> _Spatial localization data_
BEGIN

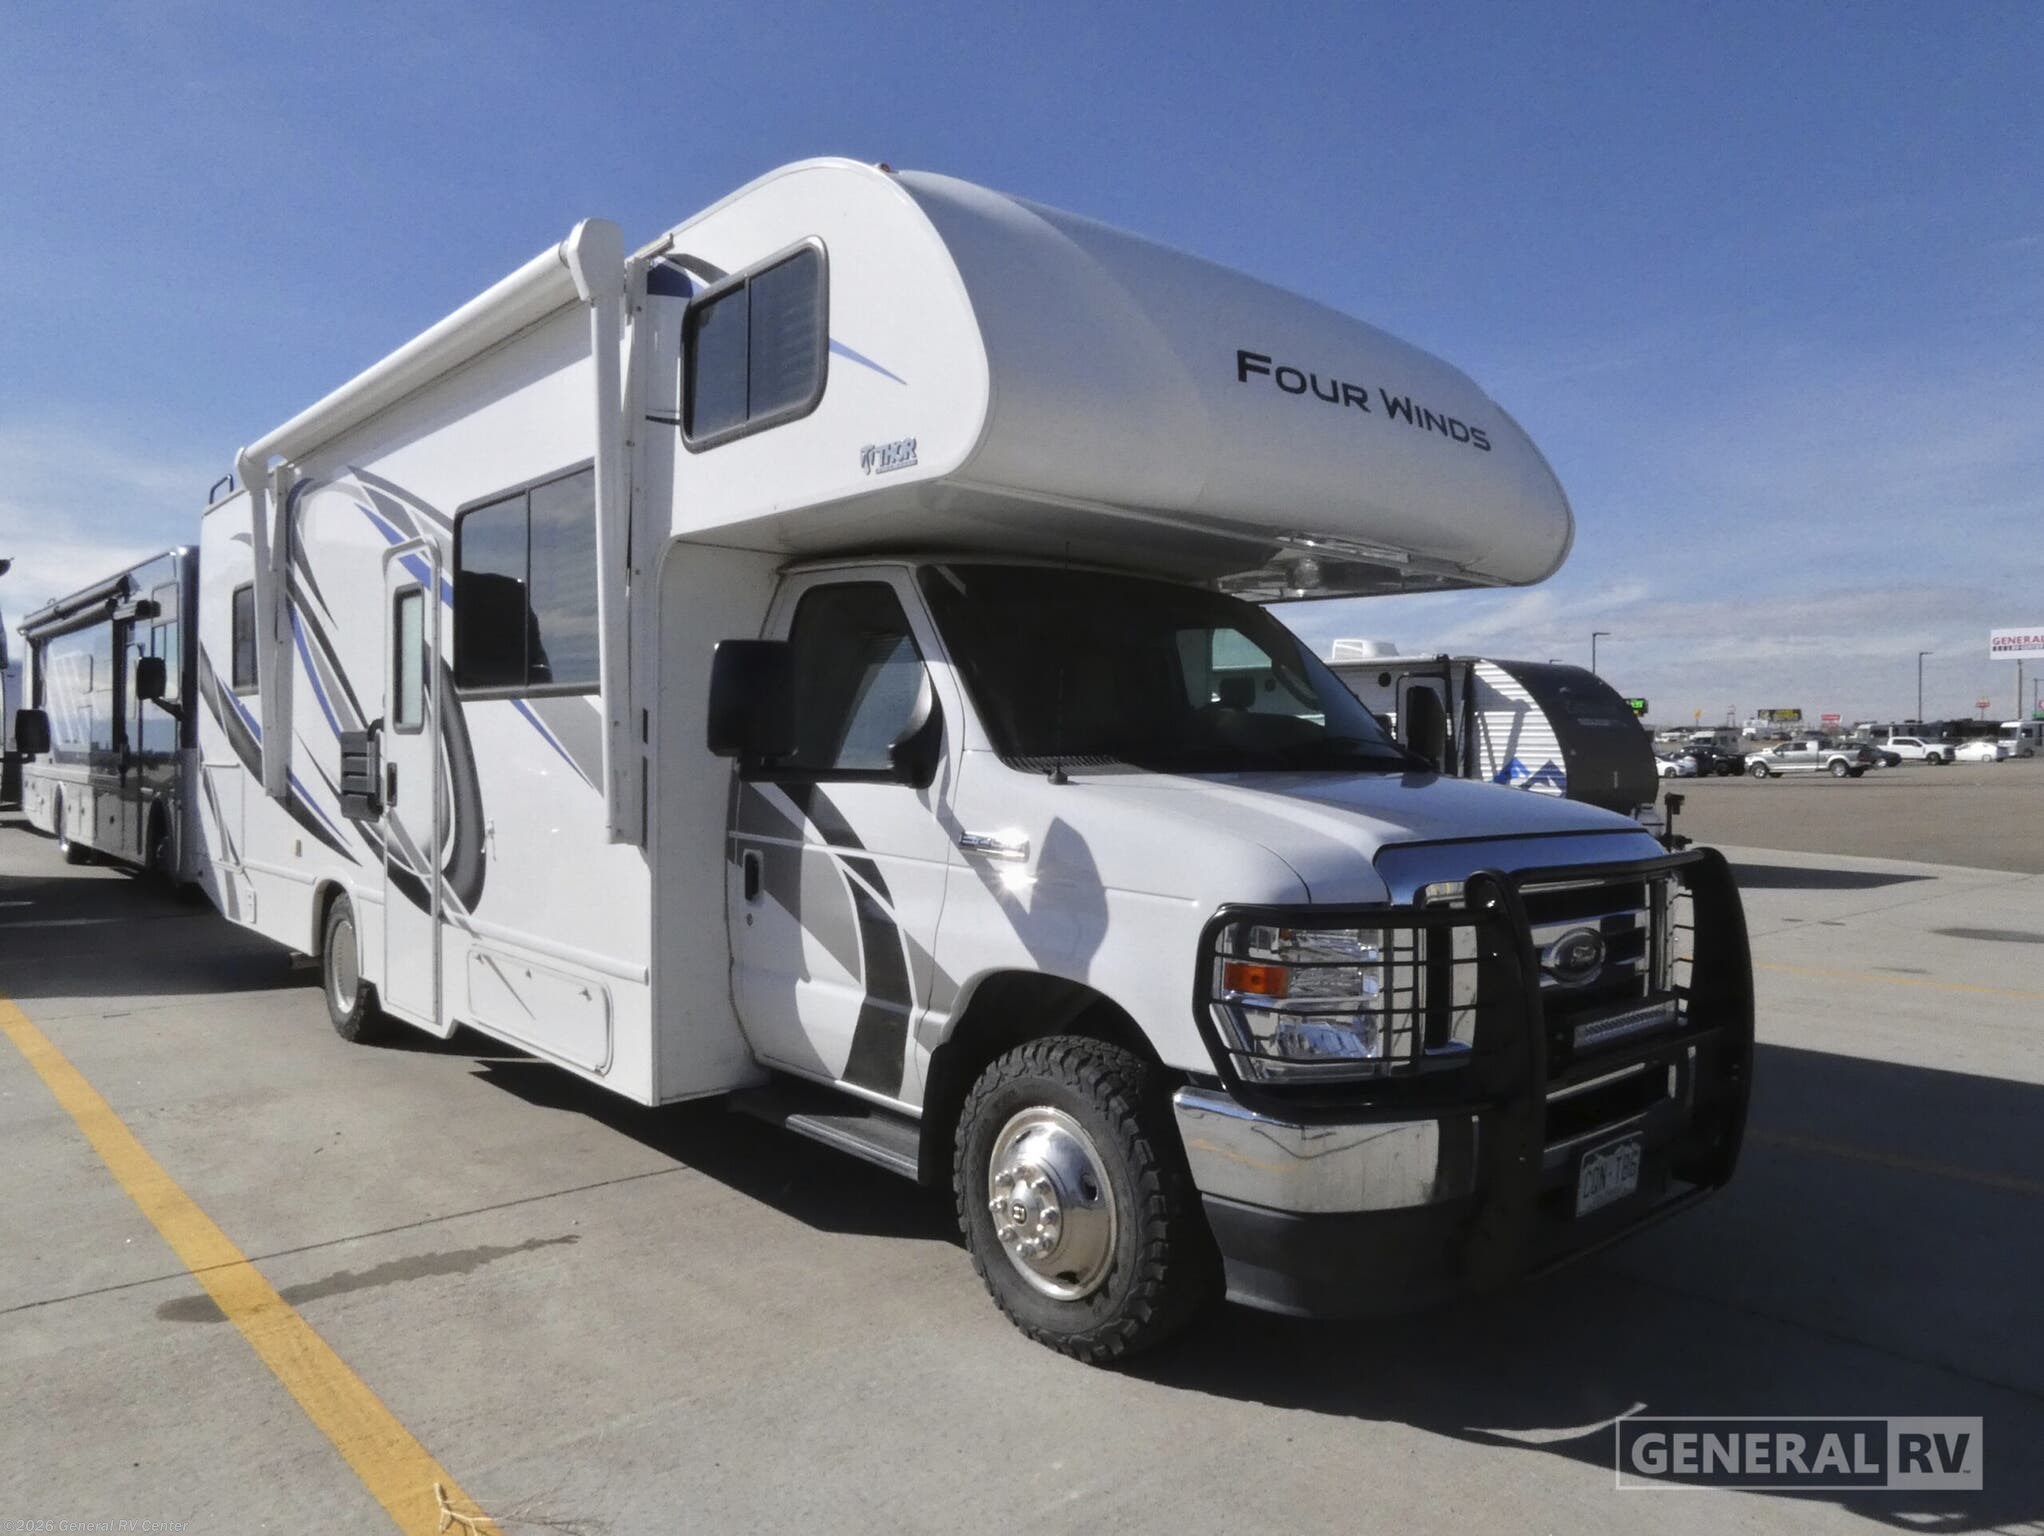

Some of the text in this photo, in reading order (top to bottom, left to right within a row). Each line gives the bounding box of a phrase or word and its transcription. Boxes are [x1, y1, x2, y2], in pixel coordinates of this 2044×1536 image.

[1237, 350, 1491, 452] FOUR WINDS
[876, 437, 917, 467] THOR
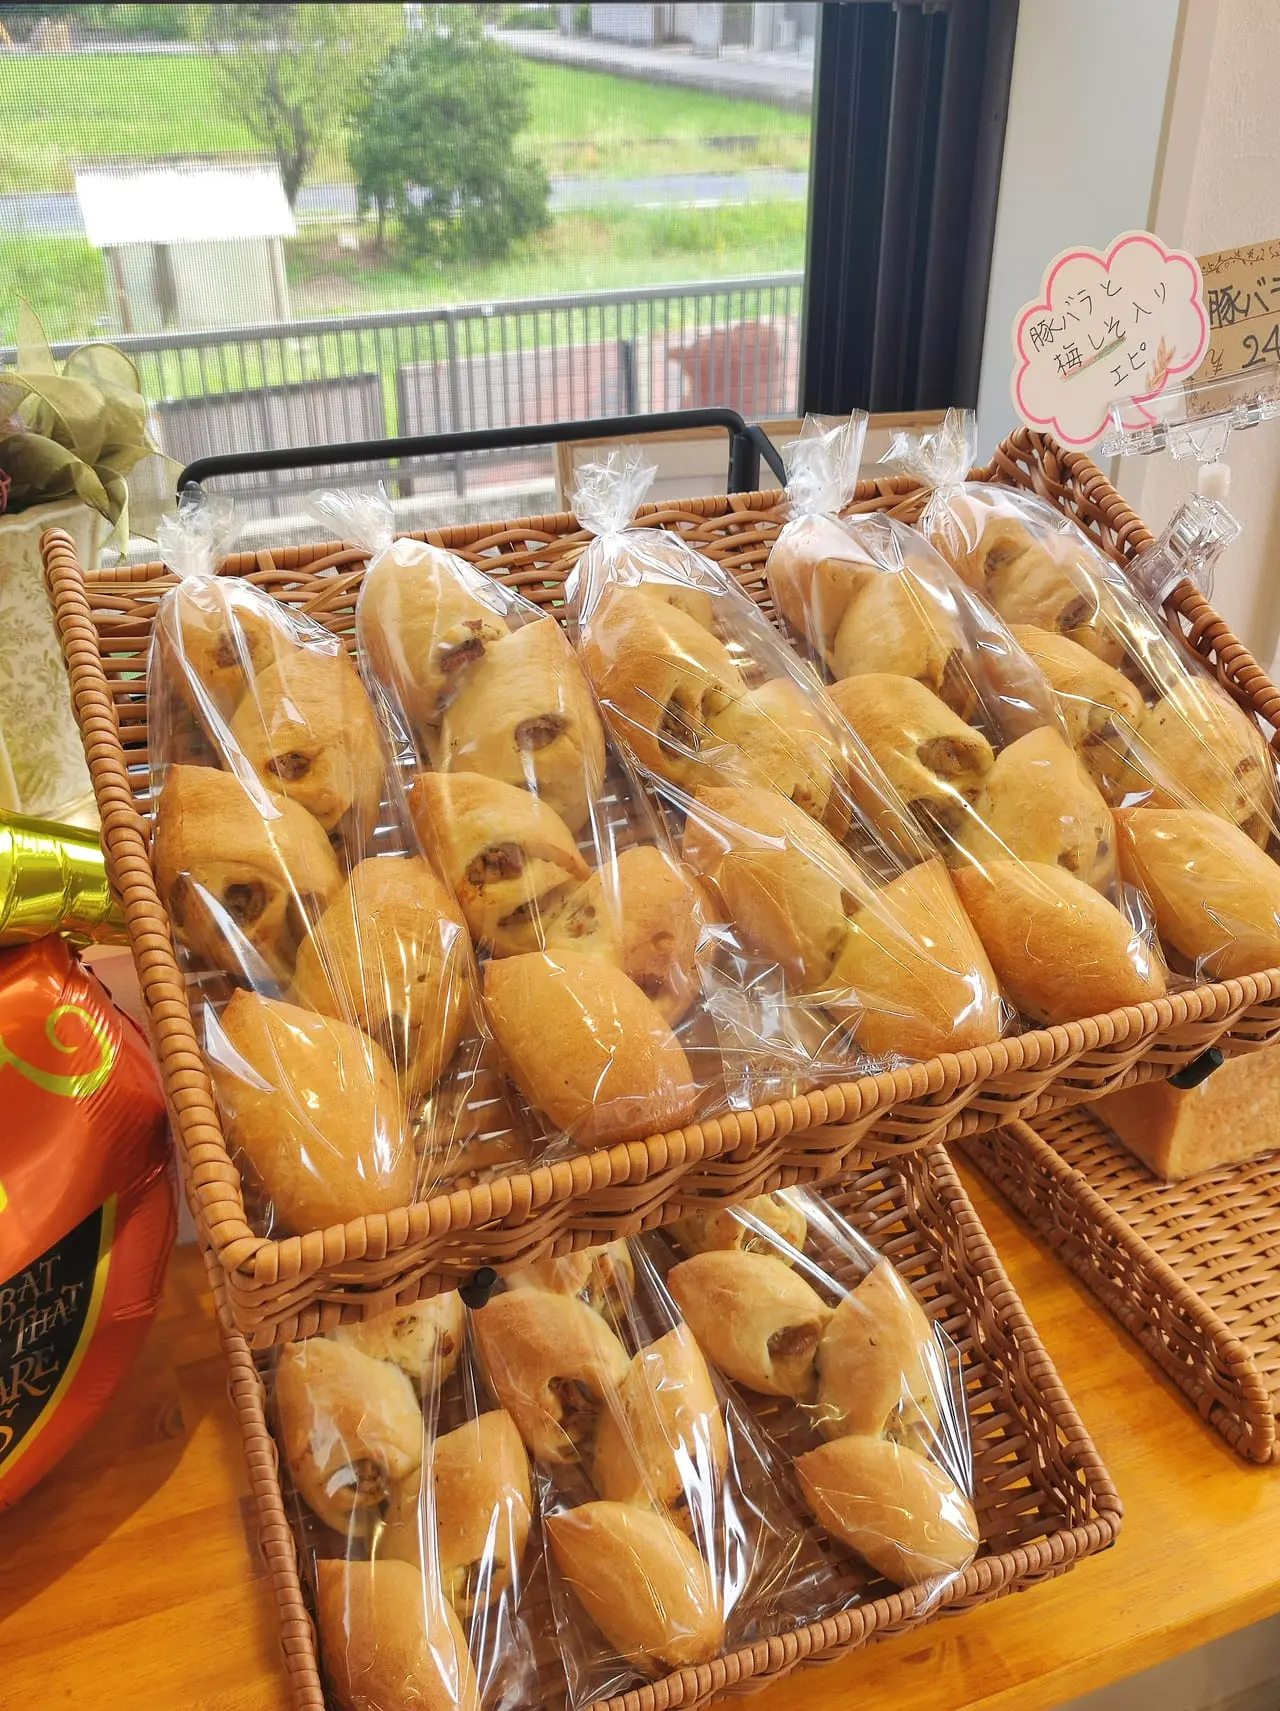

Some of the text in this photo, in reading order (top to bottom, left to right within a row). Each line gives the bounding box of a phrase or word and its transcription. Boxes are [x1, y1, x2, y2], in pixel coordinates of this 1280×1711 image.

[1029, 279, 1122, 353] 豚バラと
[1110, 341, 1147, 387] エピ
[8, 1280, 84, 1359] THAT

END

> _Task goal_
Return the data exactly as it stands, minus the pictures.

> _Task response_
Some of the text in this photo, in reading order (top to bottom, left to right within a row). Each line gives the bounding box of a phrase or word and its transcription. Boxes are [x1, y1, x2, y2], in pixel coordinates of this 2044×1536 image.

[1237, 350, 1491, 452] FOUR WINDS
[876, 437, 917, 467] THOR

Some of the text in this photo, in reading order (top to bottom, left to right within a row). Each line gives the bounding box of a phrase or word and its transcription. Boxes are [x1, y1, x2, y2], in pixel coordinates of this 1280×1711 image.

[1029, 279, 1122, 353] 豚バラと
[1110, 341, 1147, 387] エピ
[8, 1280, 84, 1359] THAT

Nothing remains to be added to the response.